At thirty-six, incarceration severed my access to the worlds I had been living in. For two decades, I worked in HIV/AIDS services, competed in Philadelphia’s Ballroom scene, and organized in my community. Behind bars, I was suddenly cut off from the histories, movements, and bodies of knowledge I had long been a part of.
I quickly discovered that poet and activist Marilyn Buck’s statement—“Imprisonment is an extreme form of censorship”—wasn’t hyperbole. Research, reading material, and news reporting were difficult to come by. Censorship, like prison, is the forceful alienation and isolation of people and ideas. If reading is what Toni Morrison once called “one’s own mind dancing with another’s,” censorship tries to keep that dance still. It prevents people from getting to know one another and limits the possibility of collective action. At its most insidious, censorship becomes internalized—the surveilled mind learning to police itself.
In late March 2020, as COVID began to spread dangerously throughout prisons, I drafted a blog post expressing solidarity with incarcerated hunger strikers at Rikers Island, who were demanding PPE. I noted the irony that the strikers had to endanger their bodies simply to protect them. The draft was intercepted by my prison’s electronic messaging system. A week later, I was issued a misconduct report accusing me of encouraging unauthorized group activity.

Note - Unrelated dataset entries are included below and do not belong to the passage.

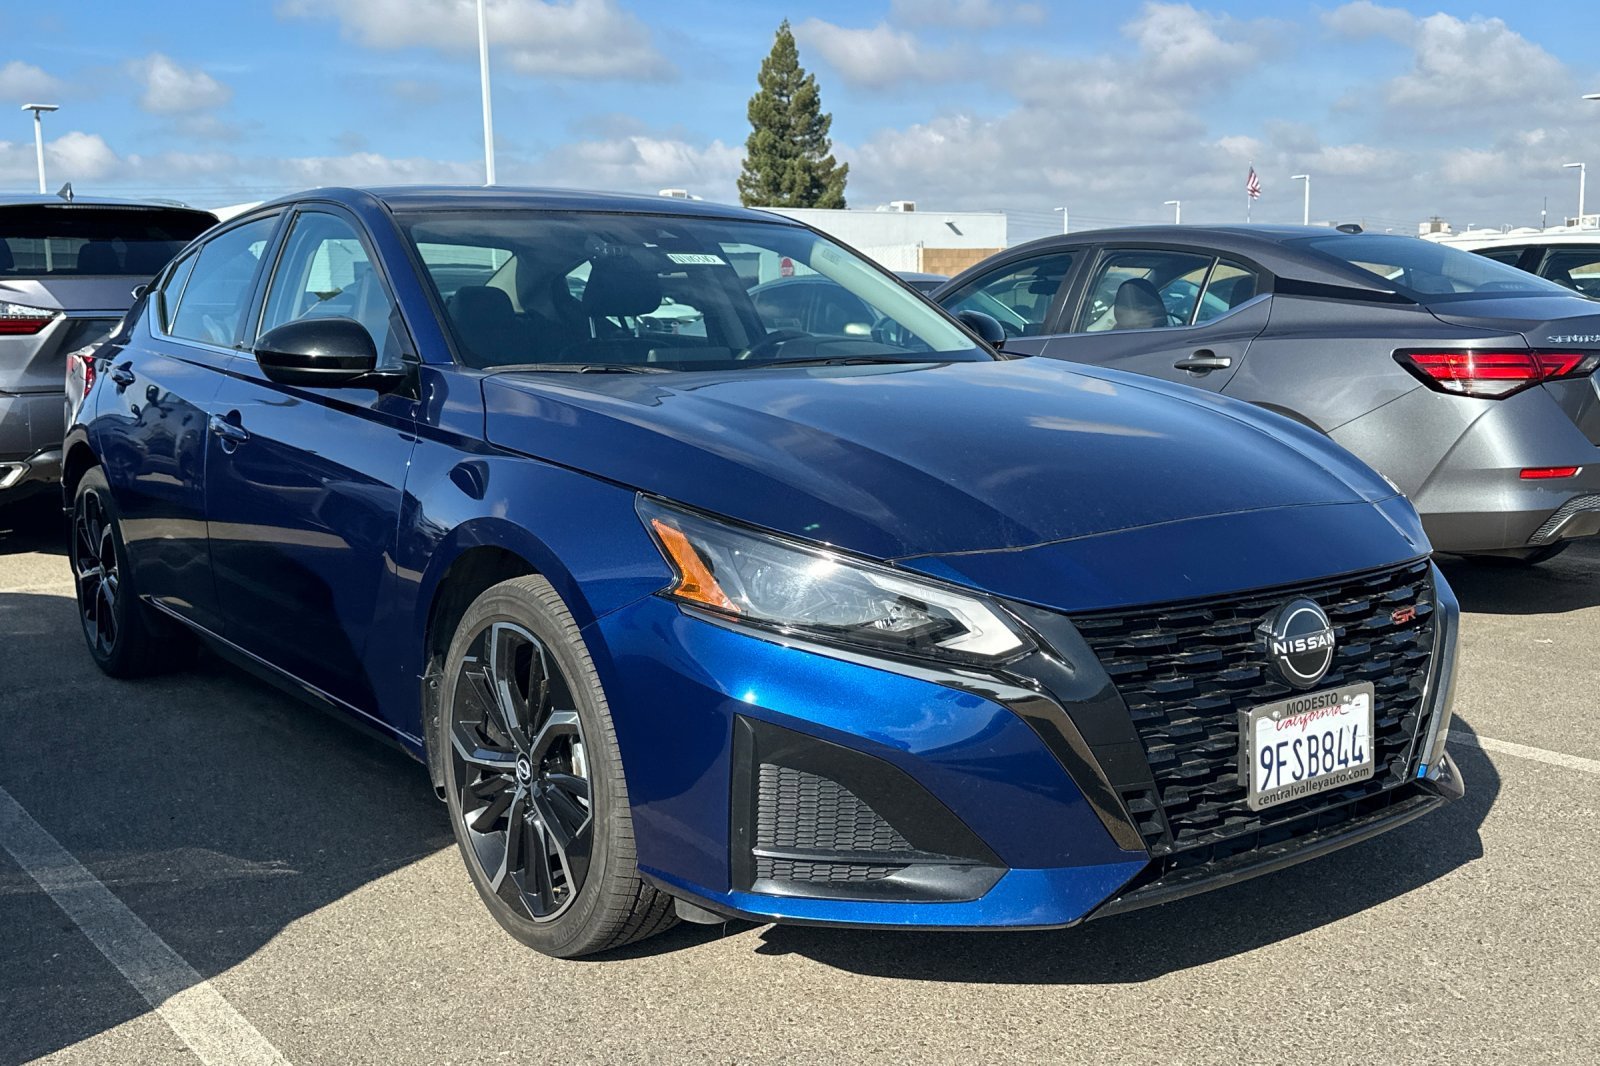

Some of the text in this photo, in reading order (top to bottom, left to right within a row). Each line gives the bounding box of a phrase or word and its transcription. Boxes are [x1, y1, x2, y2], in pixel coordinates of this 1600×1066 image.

[1392, 607, 1416, 625] SR
[1273, 631, 1335, 655] NISSAN
[1286, 692, 1338, 716] MODESTO
[1260, 724, 1364, 791] 9FSB844
[1258, 767, 1370, 806] centralvalleyauto.com
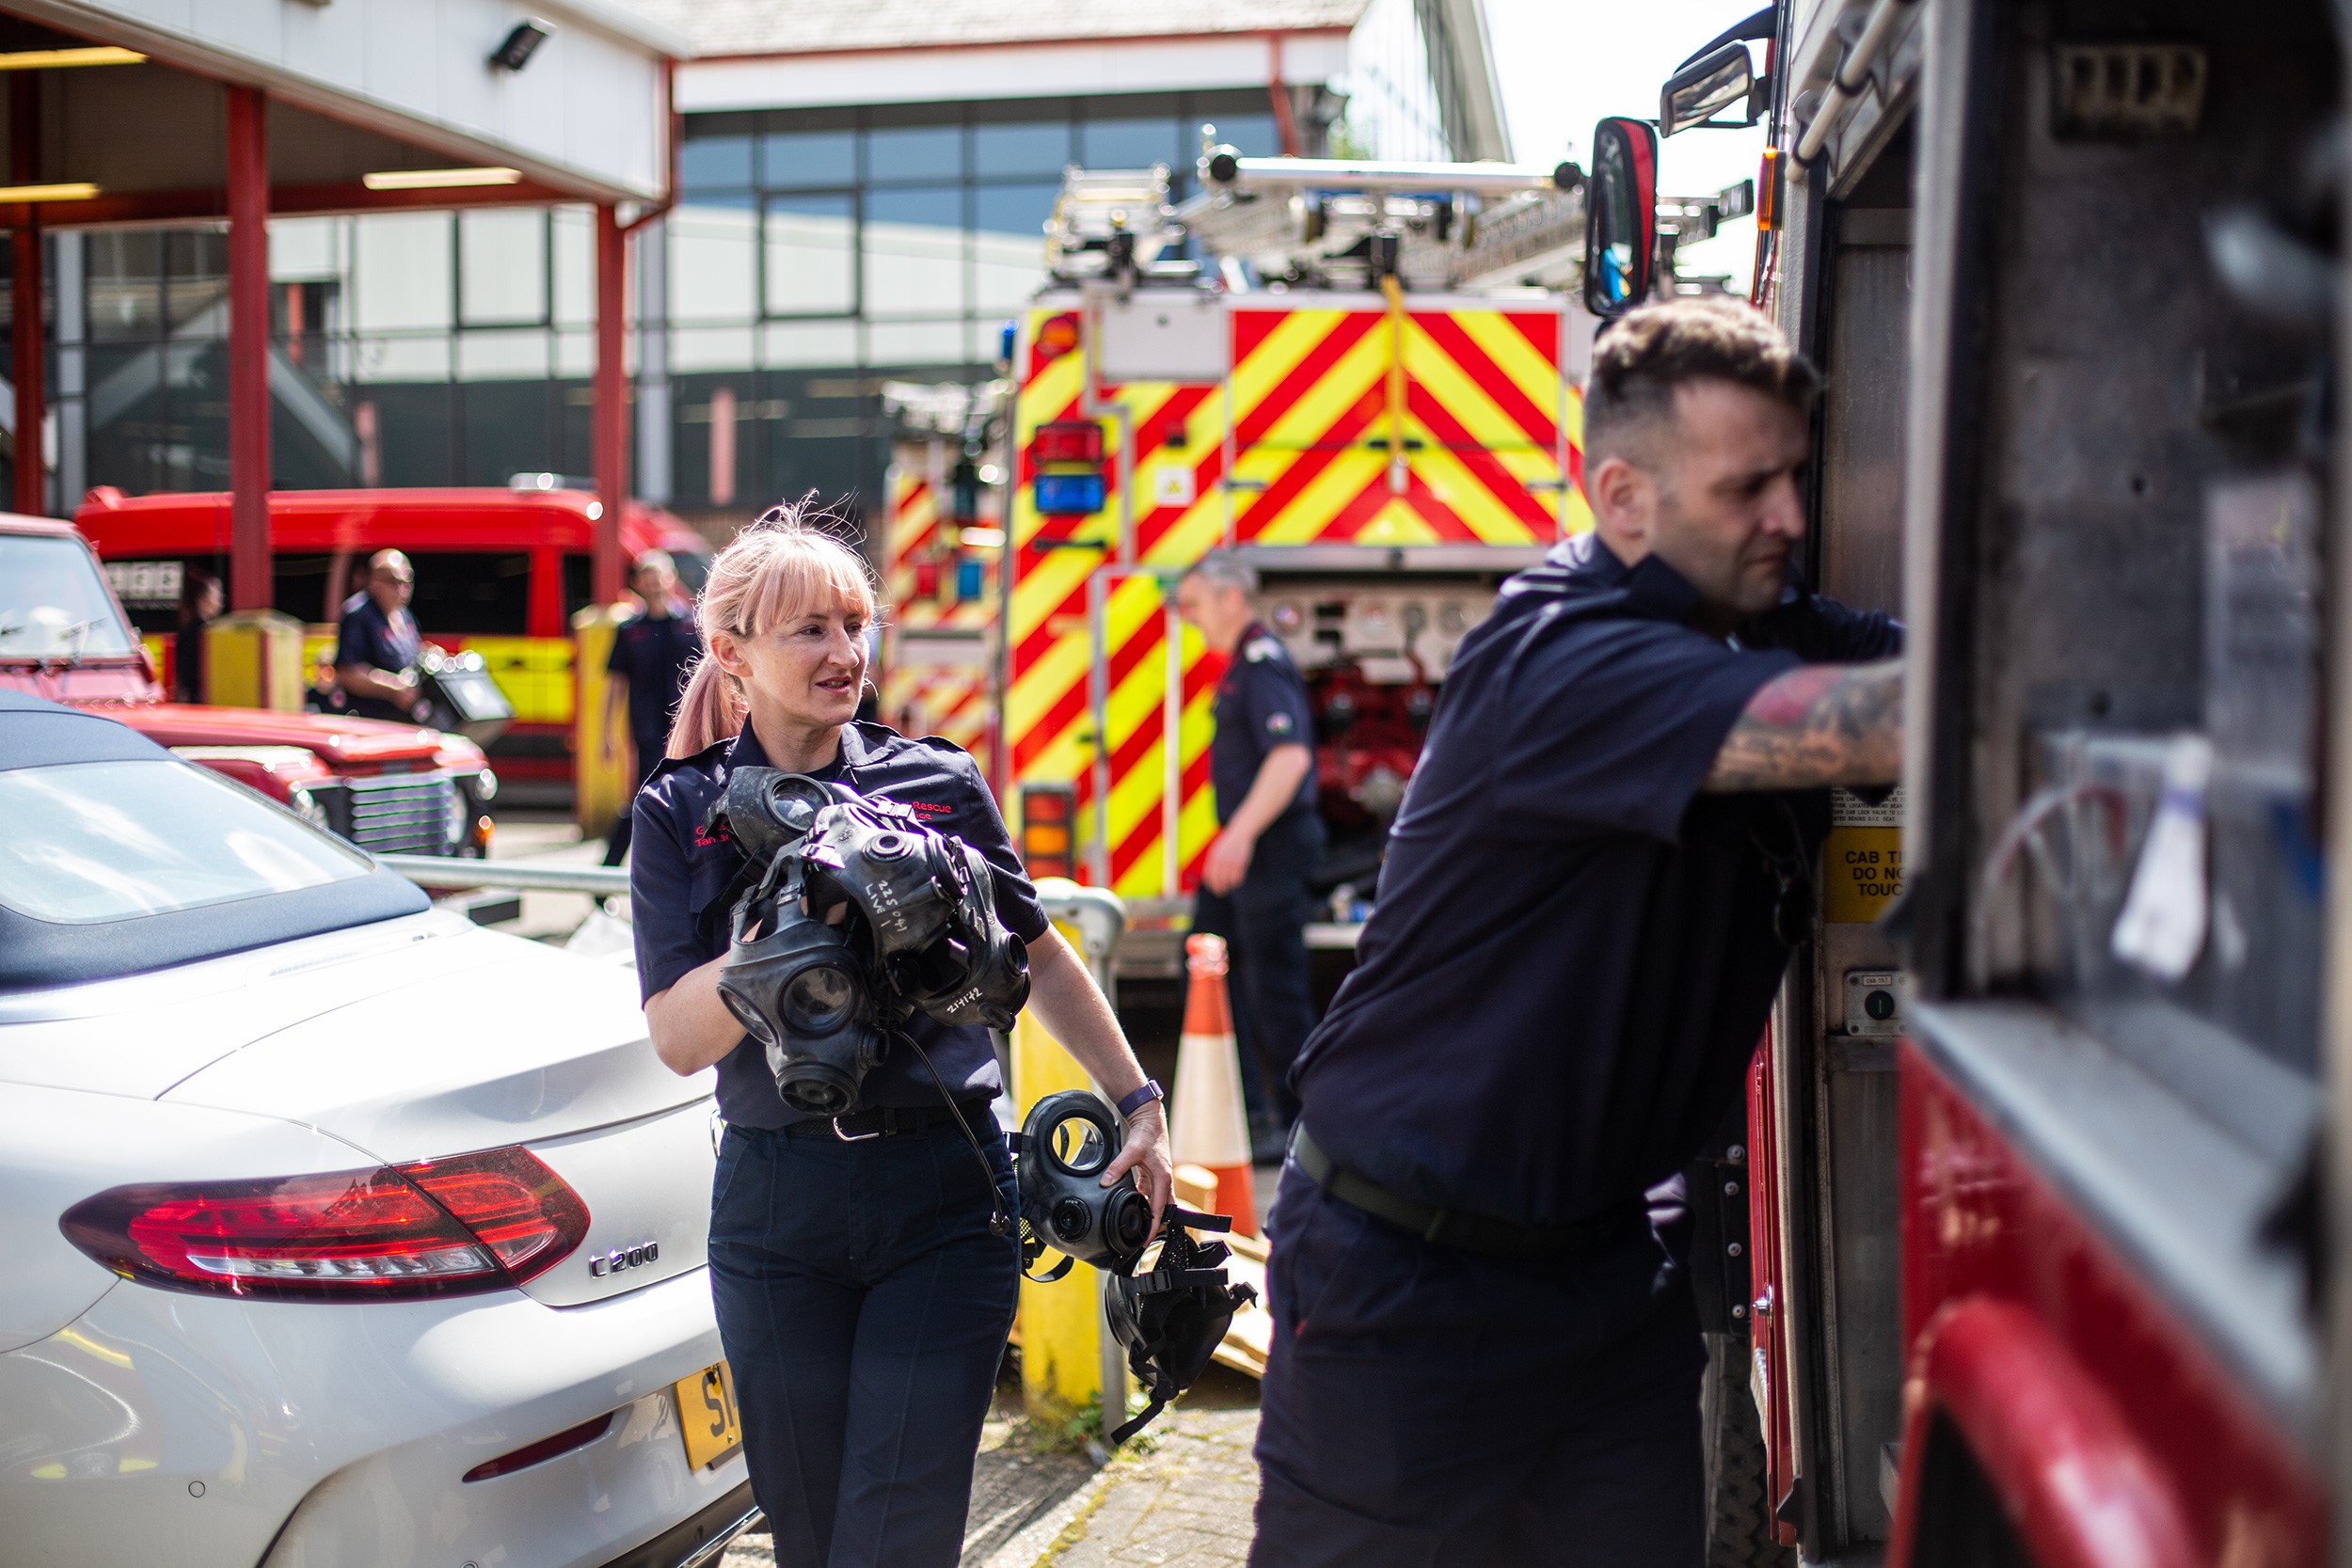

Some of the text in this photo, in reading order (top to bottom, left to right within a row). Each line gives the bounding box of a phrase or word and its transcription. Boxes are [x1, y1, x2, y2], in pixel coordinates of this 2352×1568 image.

[912, 800, 952, 814] Rescue
[1845, 850, 1902, 864] CAB TI
[1852, 866, 1906, 880] DO NO
[1857, 883, 1905, 896] TOUC

I was thrown in solitary confinement for a month as punishment. When I was released back into the general population, I began noticing something odd with my communications: e-messages that typically arrived within twenty-four hours were now taking seven to ten days. The sudden disruption in communication—alongside repeated returns to solitary, which I understood as retaliatory—left me feeling more closely monitored than ever. Then, in the spring of 2021, I was transferred to another Pennsylvania prison more than 200 miles away.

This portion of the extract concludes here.